51 000 doses du vaccin Moderna livrées en France !

Les premières doses du vaccin Moderna ont commencé à être livrées ce lundi 11 janvier. Elles serviront en priorité à renforcer la capacité vaccinale dans les zones les plus touchées par l’épidémie. D’ici à fin juin, ce sont près de 8 millions de doses qui sont attendues.

Les premières doses du vaccin Moderna ont commencé à être livrées ce lundi 11 janvier. Elles serviront en priorité à renforcer la capacité vaccinale dans les zones les plus touchées par l’épidémie. D’ici à fin juin, ce sont près de 8 millions de doses qui sont attendues.
« L’autorisation du vaccin Moderna par l’Agence européenne du médicament et la Haute autorité de Santé, nous permet de disposer dès cette semaine de plus 50 000 doses de vaccin supplémentaires, s’est félicité Olivier Véran, ministre des Solidarités et de la Santé. J’ai souhaité que ces doses soient allouées aux régions les plus touchées par la pandémie. Ces doses pourront être administrées dès la semaine prochaine lorsqu’elles seront arrivées sur les lieux de vaccination».
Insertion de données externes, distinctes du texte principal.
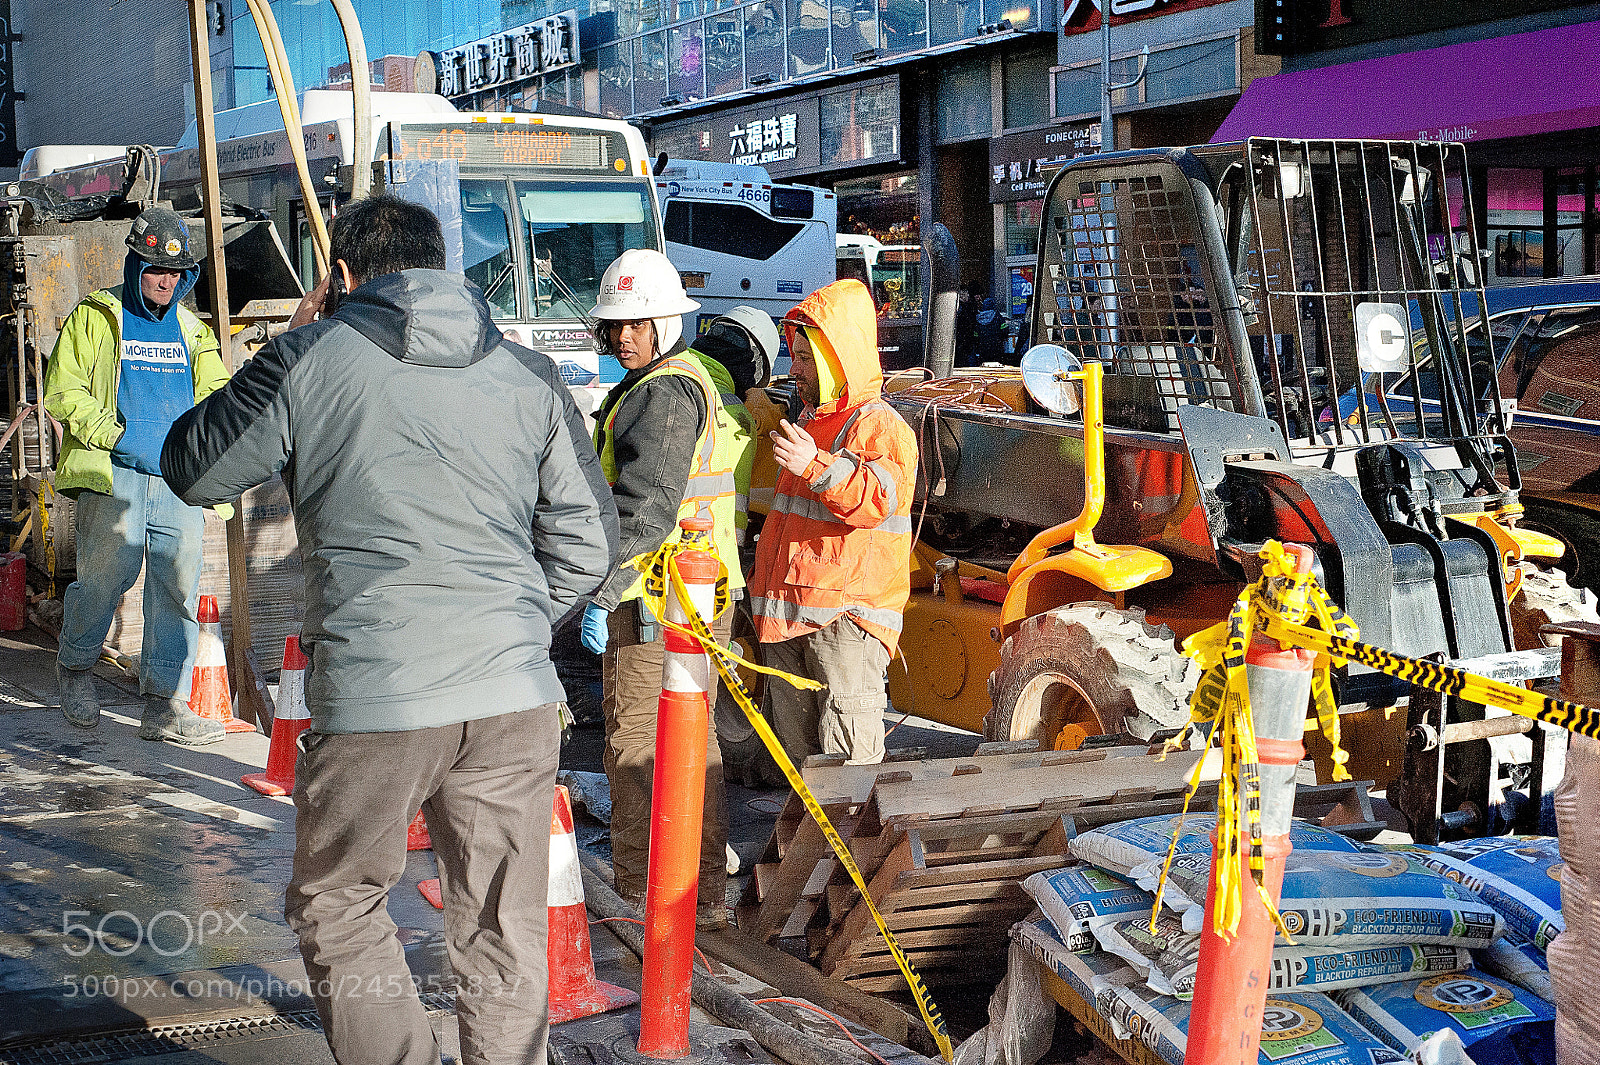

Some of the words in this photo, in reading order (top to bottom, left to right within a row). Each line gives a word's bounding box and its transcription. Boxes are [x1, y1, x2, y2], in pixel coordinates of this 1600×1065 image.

Des contraintes de conservation allégées

Cette première livraison de Moderna d’un volume de 5160 flacons contenant chacun 10 doses de vaccin, s’ajoute à celles hebdomadaires du vaccin Pfizer. Au plan logistique, le vaccin Moderna présente des contraintes moins lourdes, notamment en termes de température de stockage (-20° C) et de durée de conservation décongelé (30 jours), même si celles-ce demeurent fortes.

Priorité aux régions les plus touchées

Le ministre de la santé a souhaité, une fois la livraison vérifiée par les pharmaciens partenaires de Santé publique France, que ces doses supplémentaires puissent bénéficier en priorité aux régions dans lesquelles l’épidémie est la plus active: Grand Est, Bourgogne-Franche-Comté, Auvergne-Rhône-Alpes, et Provence-Alpes-Côte d’Azur. Les hôpitaux de Mulhouse, Colmar, Strasbourg, Reims, Nancy, Metz, Lons-le-Saunier, Besançon, Dijon, Moulins, Nice, Toulon seront donc approvisionnés dans la semaine, et à travers eux les centres de vaccination désormais ouverts dans leur département etou région.

Un circuit de distribution via les pharmacies de ville

Le circuit de distribution du vaccin Moderna dont les livraisons se poursuivront sous quinzaine et monteront en charge dans le courant du premier trimestre, aura vocation dans les prochaines semaines à basculer vers le circuit officinal qui maille la France de manière extrêmement fine, afin, d’une part, de ne pas massivement surcharger la gestion des pharmacies hospitalières des établissements pivots, et, d’autre part, de préparer l’arrivée sur l’ensemble du territoire des autres candidats vaccins qui seront intégrés à ce même circuit. Les travaux avec les professionnels de santé, et notamment les médecins, les pharmaciens, et les grossistes-répartiteurs, se poursuivent dans le cadre de concertations étroites et d’échanges directs toutes les semaines, afin d’anticiper au mieux.

Un vaccin à ARN Messager comme celui de Pfizer-BioNTech

Après avoir reçu une autorisation de mise sur le marché européenne le 6 janvier, le vaccin développé par la société américaine Moderna a fait l’objet d’une recommandation de la Haute autorité de santé (HAS), à l’instar du vaccin développé par les société Pfizer et BioNTech. Le vaccin de la société Moderna utilise la même technologie dite «à ARN messager» que le vaccin Pfizer-BioNTech, les deux vaccins peuvent donc, en application de la recommandation de la HAS, être utilisés indifféremment dans le cadre de la stratégie vaccinale.